Sozialgerichtliches Verfahren - Nichtzulassungsbeschwerde - grundsätzliche Bedeutung - keine ausreichende Darlegung der Klärungsbedürftigkeit der Rechtsfrage - Grundsicherung für Arbeitsuchende - Bedarfsgemeinschaft von getrennt lebenden Ehegatten - Regelbedarfsstufe 2
Gesetze: § 160a Abs 2 S 3 SGG, § 160 Abs 2 Nr 1 SGG, § 7 Abs 3 Nr 3 Buchst a SGB 2, § 20 Abs 2 S 1 SGB 2, § 20 Abs 4 SGB 2
Instanzenzug: Az: S 6 AS 4724/14 Gerichtsbescheidvorgehend Sächsisches Landessozialgericht Az: L 3 AS 1090/15 Urteil
Gründe
1Die Nichtzulassungsbeschwerde ist unzulässig, weil der allein geltend gemachte Zulassungsgrund der grundsätzlichen Bedeutung (§ 160 Abs 2 Nr 1 SGG) nicht in der erforderlichen Weise dargelegt worden ist (§ 160a Abs 2 Satz 3 SGG). Die Beschwerde ist daher ohne Zuziehung ehrenamtlicher Richter zu verwerfen (§ 160a Abs 4 Satz 1 Halbsatz 2 SGG, § 169 SGG).

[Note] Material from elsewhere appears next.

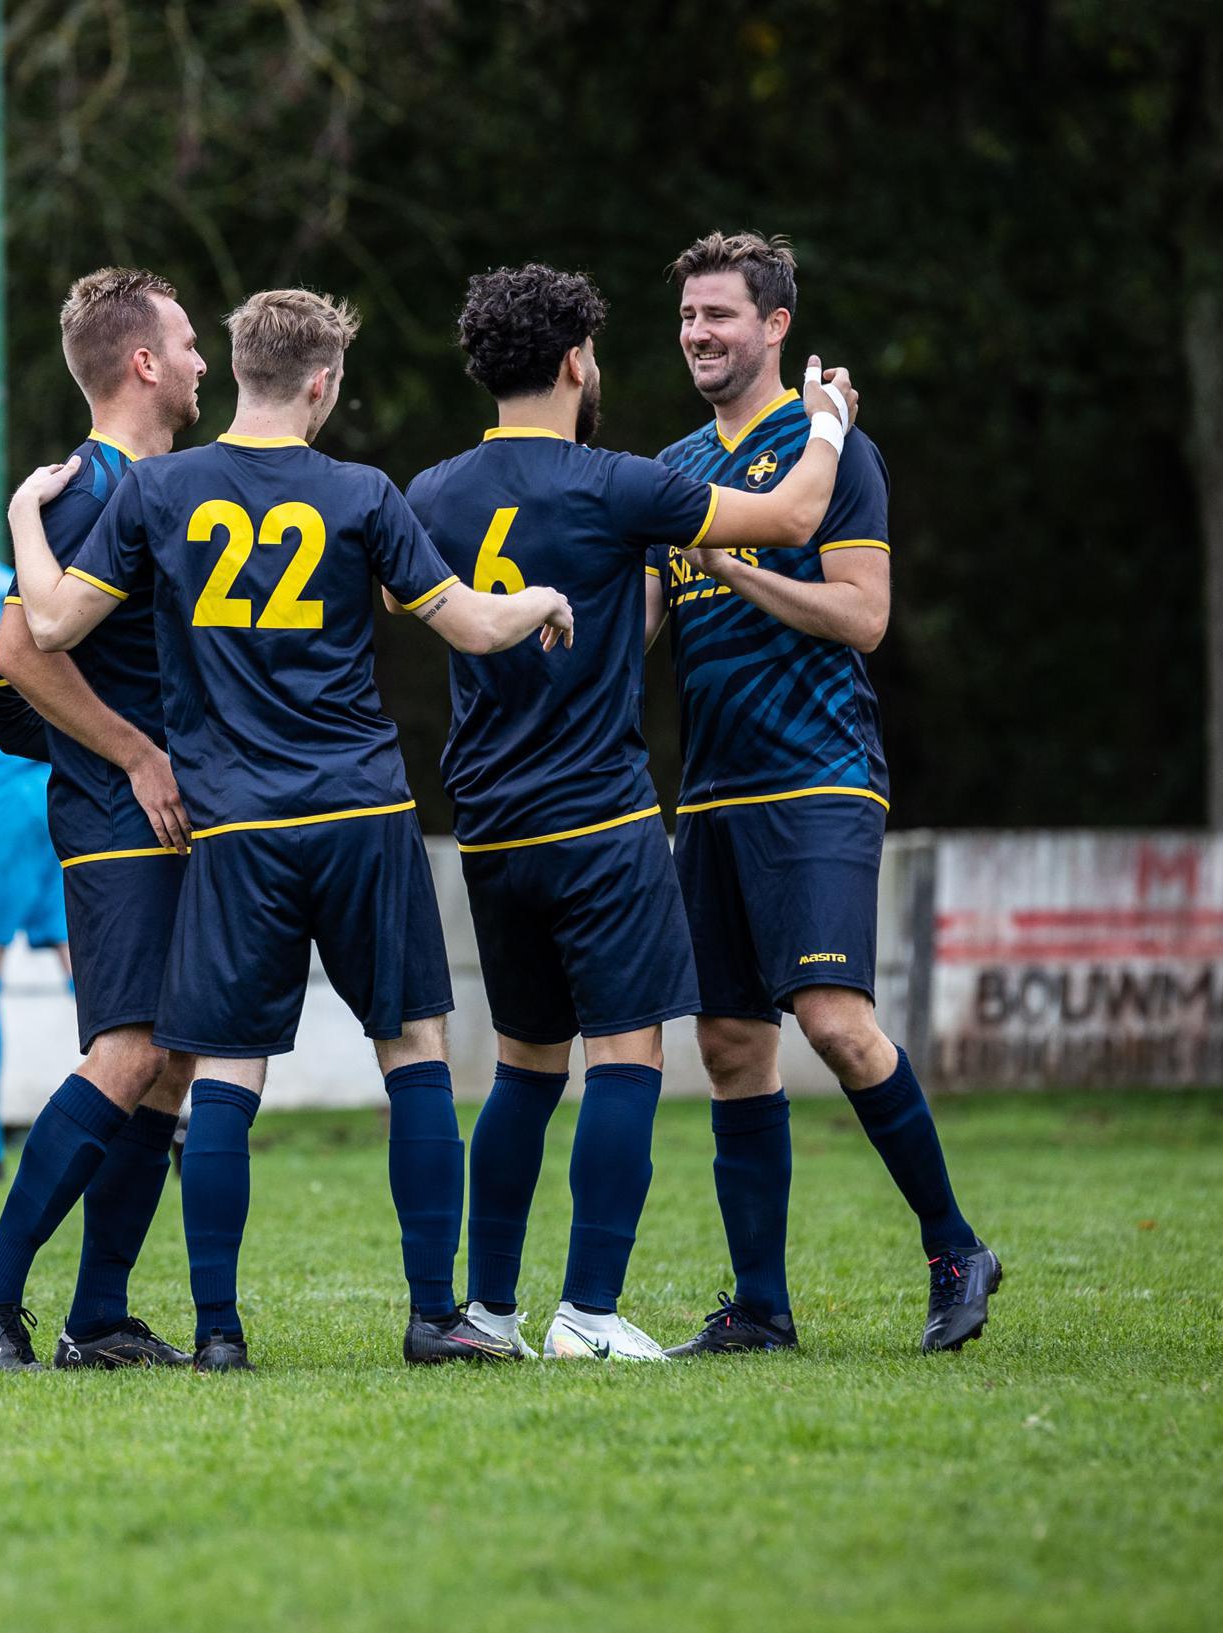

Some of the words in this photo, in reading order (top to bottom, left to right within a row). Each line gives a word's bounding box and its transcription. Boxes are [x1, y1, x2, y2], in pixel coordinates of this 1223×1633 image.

[187, 500, 326, 629] 22
[473, 507, 526, 595] 6
[978, 966, 1223, 1024] BOUWM
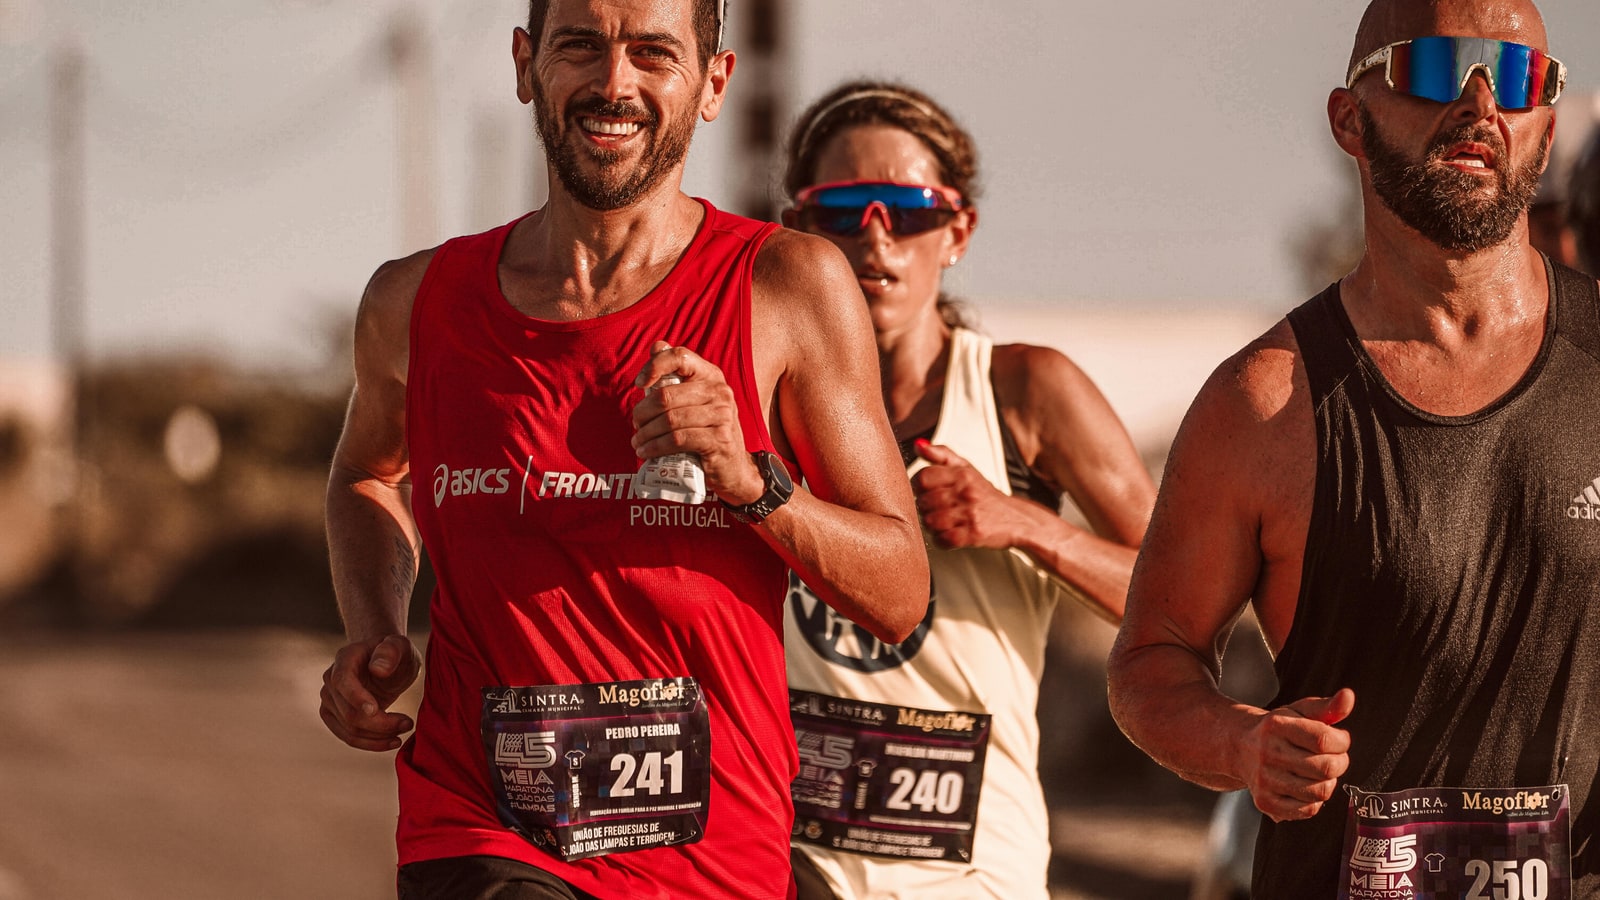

2Grundsätzliche Bedeutung (§ 160 Abs 2 Nr 1 SGG) hat eine Rechtssache nur, wenn sie eine Rechtsfrage aufwirft, die über den Einzelfall hinaus aus Gründen der Rechtseinheit oder der Fortbildung des Rechts einer Klärung durch das Revisionsgericht bedürftig und fähig ist. Die Darlegung einer grundsätzlichen Bedeutung erfordert, dass eine konkrete Rechtsfrage klar formuliert wird. Weiter muss ihre (abstrakte) Klärungsbedürftigkeit, ihre (konkrete) Klärungsfähigkeit im jeweiligen Rechtsstreit (Entscheidungserheblichkeit) sowie die über den Einzelfall hinausgehende Bedeutung der angestrebten Entscheidung (sog Breitenwirkung) aufgezeigt werden (stRspr; vgl etwa - SozR 3-1500 § 160a Nr 34 S 70 mwN).
3Die Klägerin hat die Frage formuliert, "ob Ehegatten, die weder gemeinsam leben noch über einen gemeinsamen Hausstand verfügen noch zusammen wirtschaften über einen Regelleistungssatz im Umfange von 100 % oder nur über einen Regelleistungssatz im Umfange von 90 % verfügen". Sinngemäß ist damit die Frage aufgeworfen, ob auch in verschiedenen Wohnungen lebende Ehegatten eine Bedarfsgemeinschaft bilden und bei ihnen jeweils nur ein Regelbedarf gemäß § 20 Abs 4 SGB II in Verbindung mit der Fortschreibung der Regelbedarfe (hierzu Behrend in Schlegel/Voelzke, jurisPK-SGB II, 4. Aufl 2015, § 20 RdNr 98, 100) in gegenüber dem Regelbedarf für alleinstehende Leistungsberechtigte reduzierter Höhe zu berücksichtigen ist.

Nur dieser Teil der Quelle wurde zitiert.